By the time evening came round, I was ready to stretch my legs a bit.  And I suddenly remembered that I'd seen a sign, when I toured the beautiful Sainte-Chapelle Chapel on Ile de la Cite, announcing some sort of Sunday concert series.  Thanks to the wonders of the internet, including churches with websites and Google Translate, I was able to figure out the details.  There was, indeed, a concert tonight, and it started at 7pm!

I threw on a dress and a scarf, and headed down there.

Sainte-Chapelle.
Apostle, keeping an eye on things.

The Rose Window.  For the concert, we entered through the big red doors beneath -- the way the king would have.

The angels in the details.
Folding chairs had been set up in the chapel.  Beautiful golden light was streaming through the astoundingly tall stained glass windows.  The chapel was consecrated in 1248 (can you believe it?  1248) to house King Louis the IX's collection of relics.  Each window illustrates stories from the Old and New Testaments of the Bible, as well as the discovery of the relics and how Louis transported them to France.  Blues and reds dominate, but there's yellow and green and brown and clear glass as well.  The Rose Window in the back, on the western side of the chapel, was lit up like a starburst.  The long narrow pillars between the windows are painted in muted blues and reds, and decorated with little golden castles and ivy and fleur de lis.  Statues of the twelve apostles gaze down at the people congregated below.
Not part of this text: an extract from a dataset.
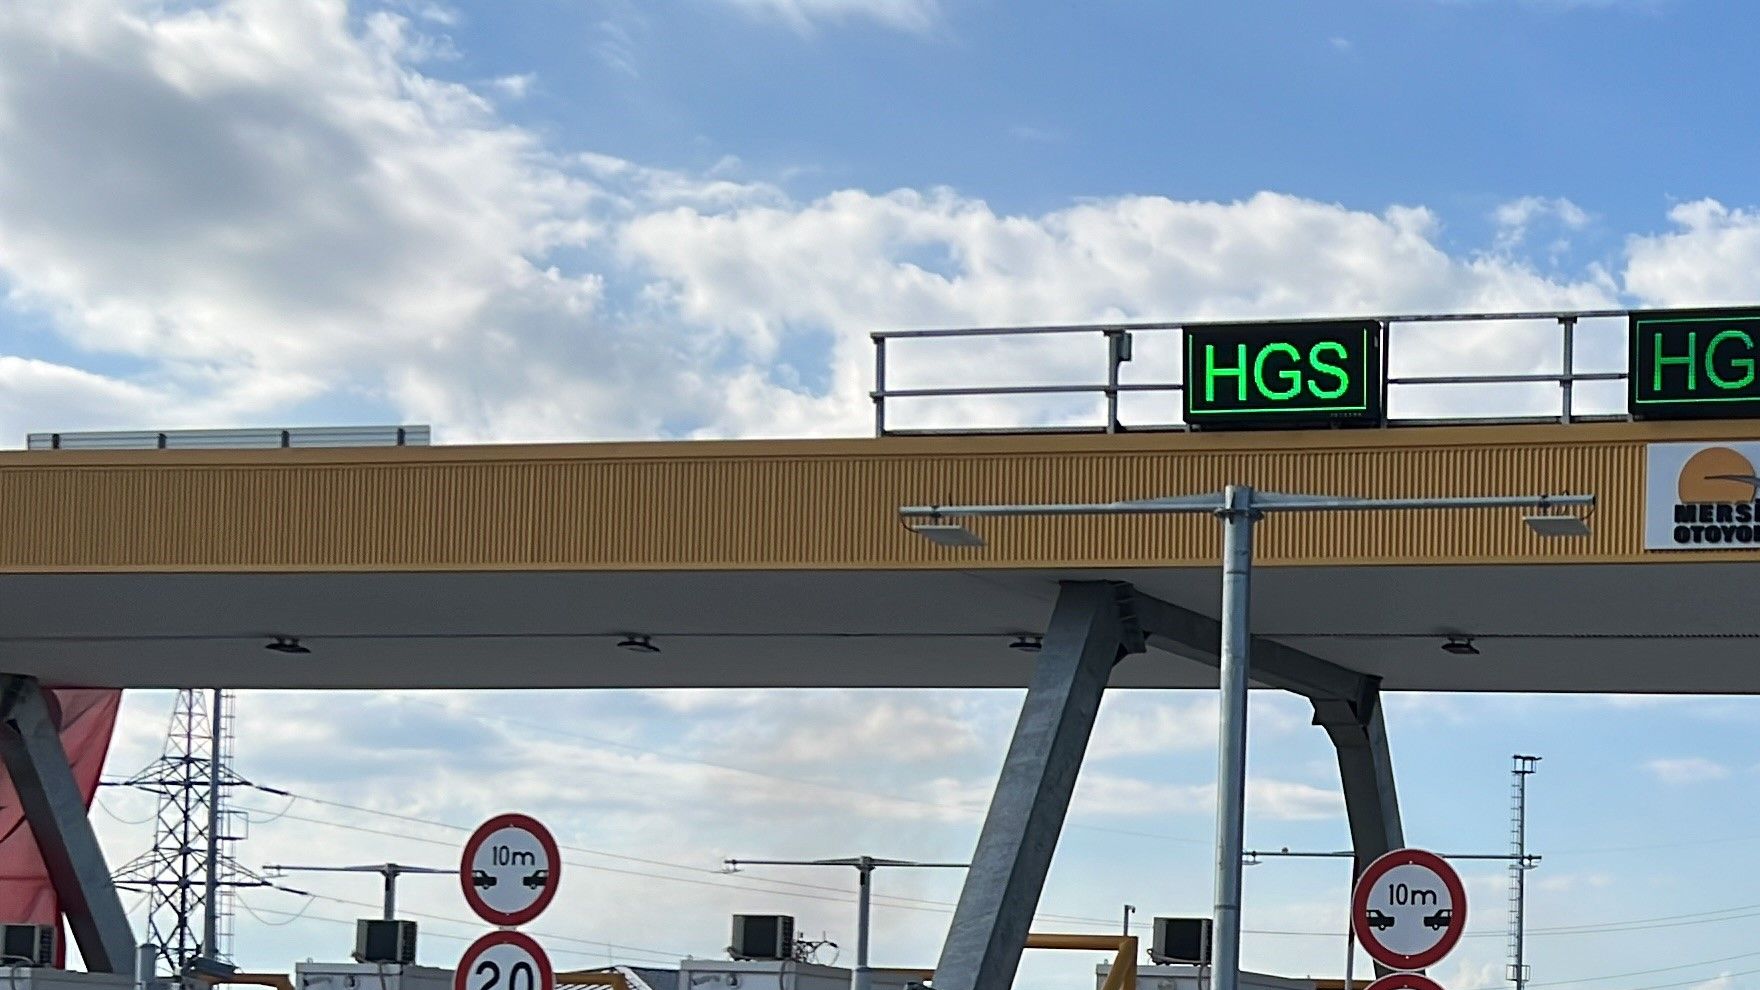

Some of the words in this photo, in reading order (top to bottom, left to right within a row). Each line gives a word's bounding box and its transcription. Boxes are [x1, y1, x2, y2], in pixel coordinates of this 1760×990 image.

[1205, 341, 1349, 402] HGS
[492, 845, 536, 866] 10m
[1389, 883, 1437, 906] 10m
The program for the evening was, appropriately, "Masterpieces of Sacred Music."  The Paris Classik ensemble is in residence at the Sainte-Chapelle, and gives more than a hundred concerts a year there.  The string quartet was joined by mezzo Ghislaine Roux -- who looked very much like Mercedes Ruhl, and sang like an angel.  Tonight's songs were "Ave Maria & Agnus Dei" by Schubert, Bach, Gounod, Mozart, Bizet and others.  The string quartet and single singer were the perfect size group for the chapel, which is tall, but not terrible large.  They filled the place with music.  It was a gorgeous way to spend an evening.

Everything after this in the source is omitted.